Given such an unpromising beginning, Claire Luckham’s The Choice, which premiered in Britain about 20 years ago and is now presented by Appleseed Productions, succeeds in just getting to the floorboards at all and then getting people to listen. Although Appleseed is housed in the basement of Atonement Lutheran Church, 116 W. Glen Ave., only secular evidence is considered in making the important choice. What playwright Luckham wants you to do is to stare straight into an agonizing choice and agony itself.
The couple at the center of the action are educated, middle-class, 30-ish, arts-oriented and unmarried. Sal (Ana Pato Morley) is a go-go journalist, always on the run and facing deadlines, with aspirations someday to write something bigger and more lasting. Ray (Stephfond Brunson), on the other hand, stays in their shared apartment most of the time. A children’s book illustrator, he faces his deadlines without traveling and is used to looking at the world through the eyes of a child. They both welcome the news of Sal’s pregnancy because they had resolved to marry as soon as they had offspring.
Two forces intrude on Sal and Ray’s life, one directly and the other indirectly. At stage right sits a character called the Writer (Anne Fitzgerald), who represents playwright Luckham herself. George Bernard Shaw, among others, liked to insert a character who speaks for him, but the Writer’s voice is autobiographical, even though she does not know Sal and Ray. At stage left is the medical establishment in the persons of the Consultant (Navroz Dabu) and the Midwife, named Sheila (Theresa Constantine).

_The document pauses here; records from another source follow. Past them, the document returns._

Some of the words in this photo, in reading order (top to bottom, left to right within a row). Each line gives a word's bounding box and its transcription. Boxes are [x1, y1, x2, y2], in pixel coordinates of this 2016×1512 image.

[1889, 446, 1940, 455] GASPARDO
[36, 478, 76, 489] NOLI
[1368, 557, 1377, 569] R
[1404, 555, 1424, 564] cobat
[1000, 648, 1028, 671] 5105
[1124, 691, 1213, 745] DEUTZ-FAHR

Because The Choice was written for British performance, there is no rightist attempt to demonize public or “socialized” medicine, but the Consultant suffers from a series of human failings that have nothing to do with politics. He has a picture of his wife on his office bookcase, but the one for his dog is notably bigger.
It is the Consultant, with his complete absence of bedside manner, who informs Sal that the unborn child suffers an extra chromosome on pair 21 in its genetic makeup, meaning it is sure to be born with Down syndrome. This is exactly the news expectant couples dread, and the reactions of Sal and Ray can be expected.

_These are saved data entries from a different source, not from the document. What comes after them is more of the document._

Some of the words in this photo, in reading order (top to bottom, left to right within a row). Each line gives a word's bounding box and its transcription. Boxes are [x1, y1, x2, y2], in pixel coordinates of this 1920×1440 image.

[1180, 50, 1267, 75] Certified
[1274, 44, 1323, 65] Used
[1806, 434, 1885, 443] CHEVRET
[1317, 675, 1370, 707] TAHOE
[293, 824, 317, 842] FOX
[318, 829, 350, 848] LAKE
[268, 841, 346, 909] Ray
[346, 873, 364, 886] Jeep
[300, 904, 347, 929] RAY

Ray remembers the hateful street term “mong,” apparently from Mongoloid, for Down syndrome children, but gradually he swings more toward seeing the pregnancy through to delivery. Sal, meanwhile, because abortion is legal, and there are no pro-life groups to speak to her, wrestles with the decision over how to deal with her body largely on her own. She contemplates a child forever dependent, suffering the cruelties of other children.
In the first act we are not sure why the Writer is there, as so little of what she says seems to pertain to the dramatic dialogue. Claire Luckham, born in Kenya in 1944, is a modestly famous playwright, always assertively known for dealing with women’s issues, but not classified as a feminist politically. After Sal makes her choice in the second act, the Writer reveals a family relationship that has influenced her view in writing the play.

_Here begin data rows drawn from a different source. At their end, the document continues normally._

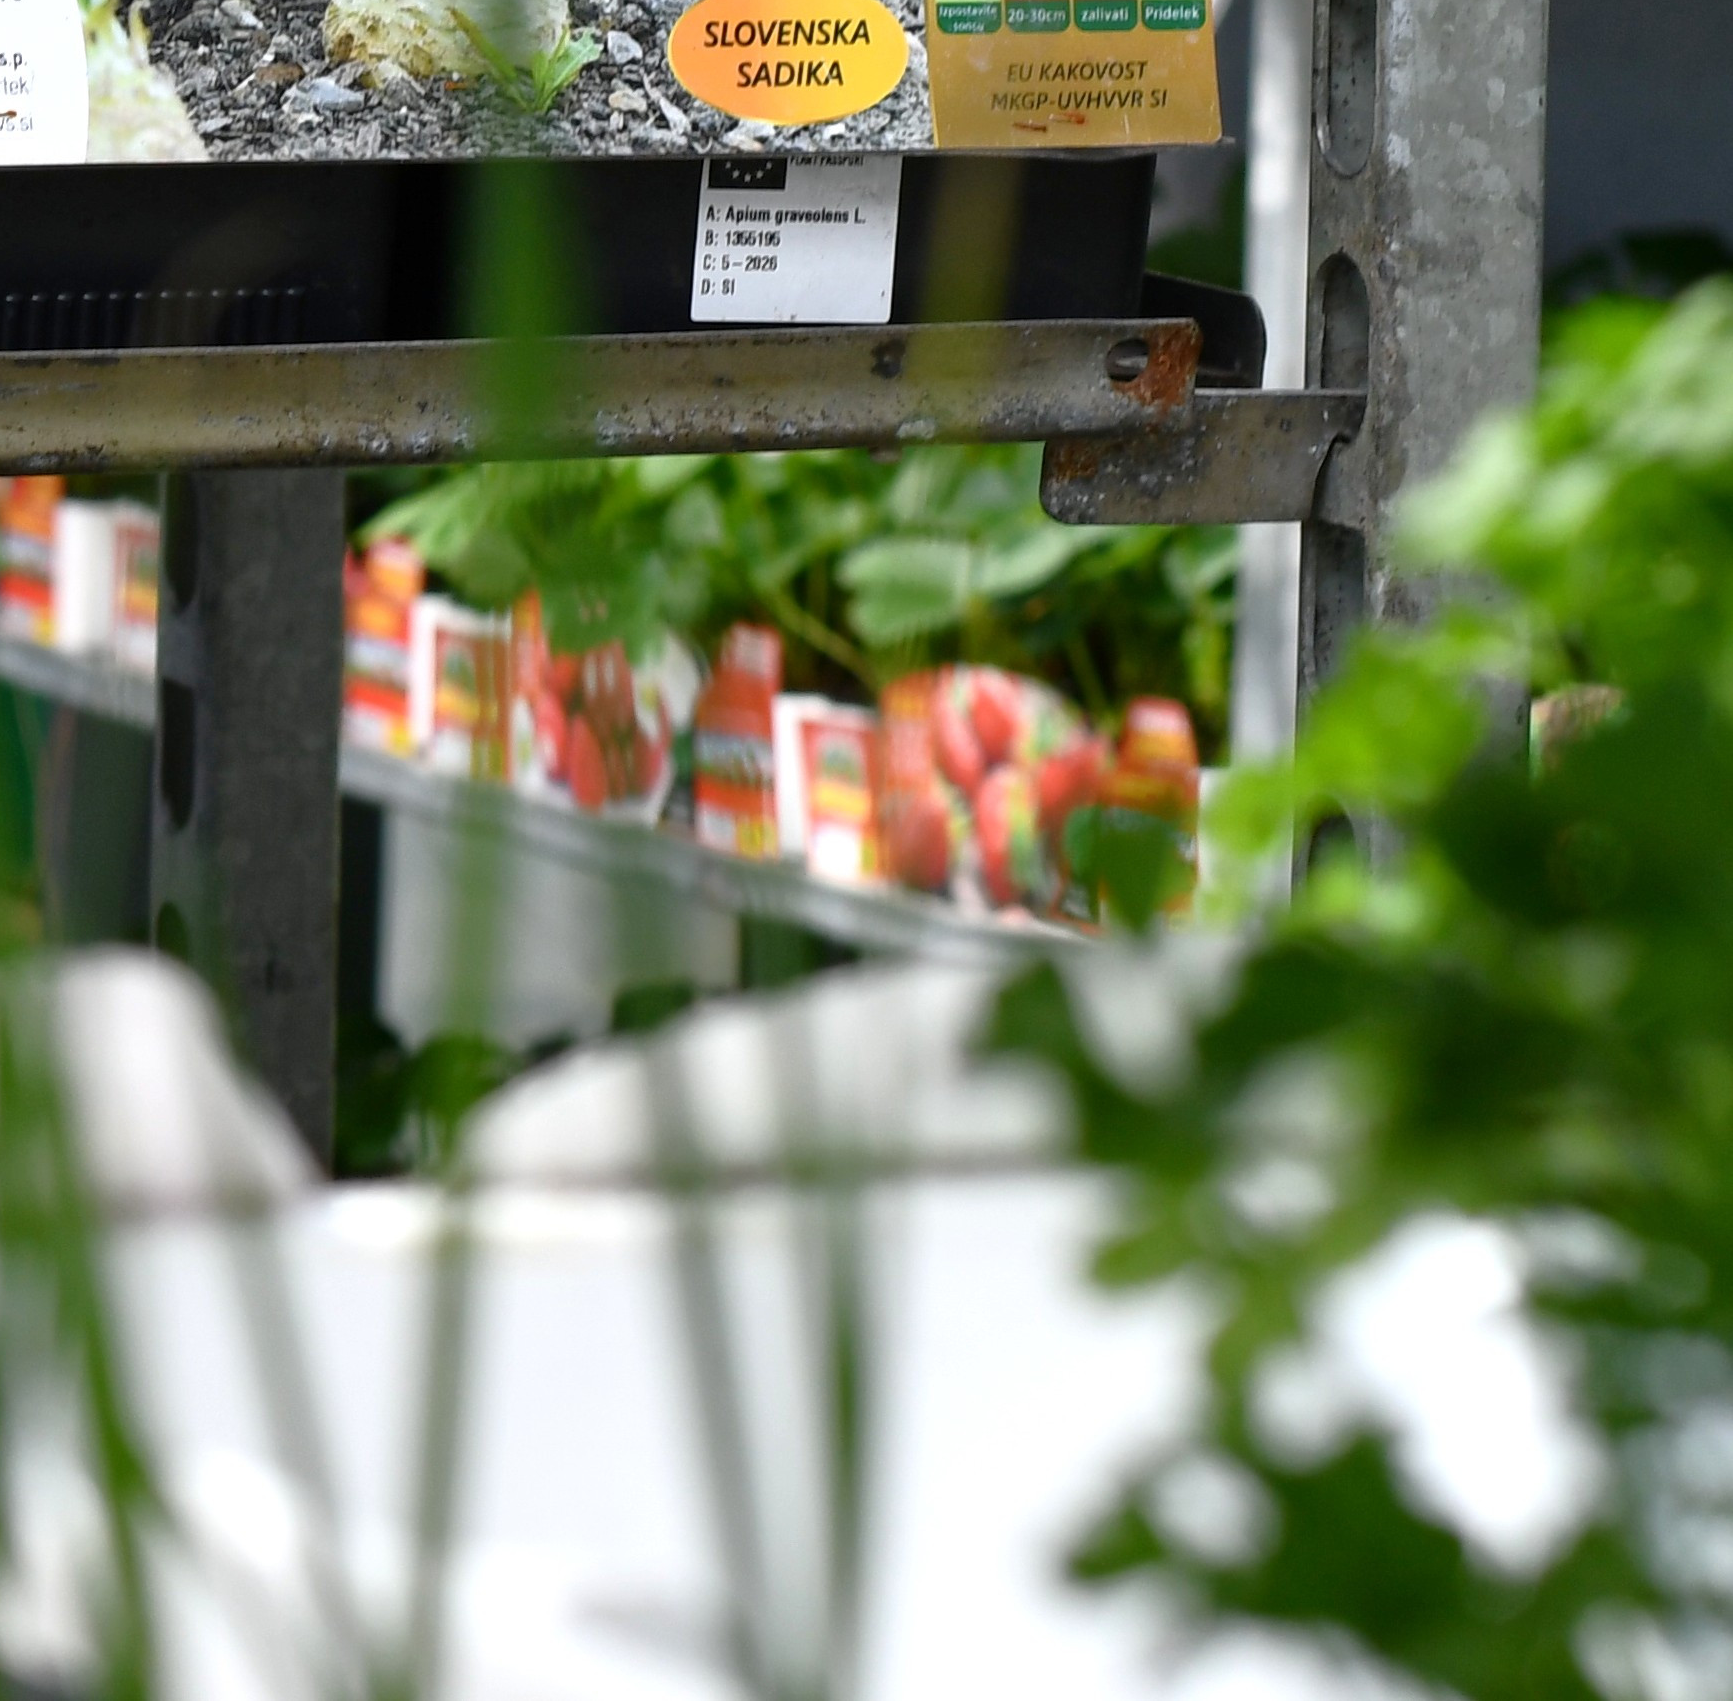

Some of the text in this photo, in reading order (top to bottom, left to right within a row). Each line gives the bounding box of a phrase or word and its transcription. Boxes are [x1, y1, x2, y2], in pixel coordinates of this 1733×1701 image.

[1081, 7, 1129, 22] zalivati
[1145, 5, 1200, 21] Pridelek
[703, 19, 872, 49] SLOVENSKA
[736, 61, 844, 88] SADIKA
[1007, 60, 1149, 82] EU KAKOVOST
[1149, 89, 1168, 108] SI
[706, 205, 866, 226] A: Apium graveolens L.
[703, 254, 716, 271] C:
[701, 278, 715, 296] D:
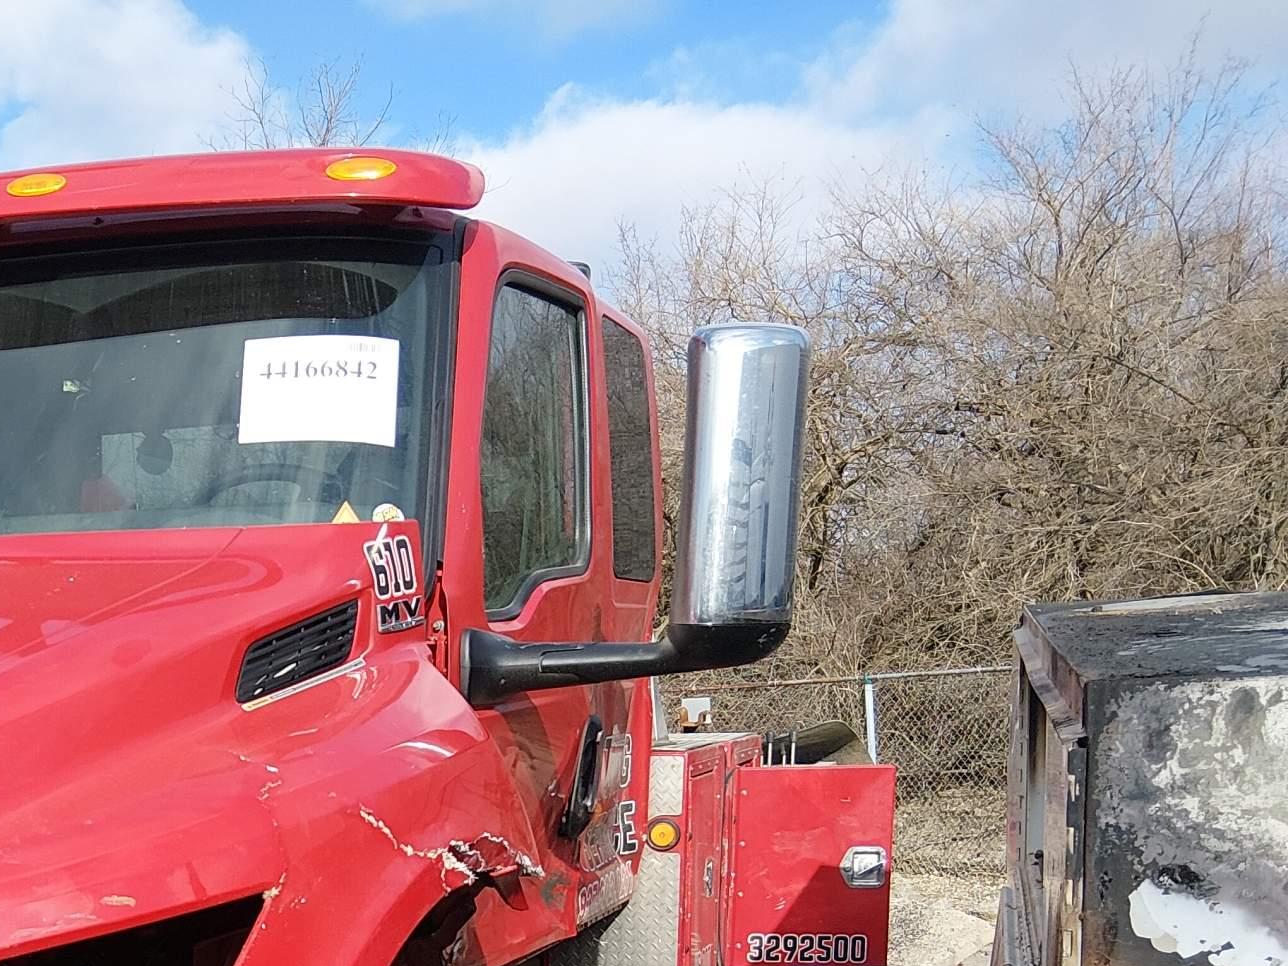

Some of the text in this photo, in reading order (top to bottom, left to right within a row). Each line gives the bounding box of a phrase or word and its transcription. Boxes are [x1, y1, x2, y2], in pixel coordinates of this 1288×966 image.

[259, 359, 378, 380] 44166842
[363, 535, 418, 600] 610
[376, 596, 423, 626] MV
[747, 933, 868, 963] 3292500

First-time director Pat Marzola yields many benefits by focusing on the two leads, both of whom represent departures in casting. Ana Pato Morley from New York City makes an area debut as Sal, but brings a string of credits, including Dulcinea in Man of La Mancha. As the choice-maker of the title, Morley’s Sal carries the heaviest emotional burdens, and must deliver every possible tone and color, include tears that well up on cue. Other companies will be seeking her out.
Stephfond Brunson has one of the best-known faces in town, but he’s usually a comic player or a dancer-choreographer. Used to seeing things though children’s eyes, his Ray makes a compelling case against ending the pregnancy. We care what he feels, too. The role of Ray was probably not written for a black man, but under Marcia Mele’s dialect coaching, Ray speaks with the same class and regional British accent as everyone else. Additionally, recent news reports tell us that interracial births are more common in the United Kingdom than in any other industrial nation. We believe the casting from scene one.
There’s much pain in Claire Luckham’s The Choice, but no preaching and no politics.
This production runs through Nov. 10. See Times Table for information.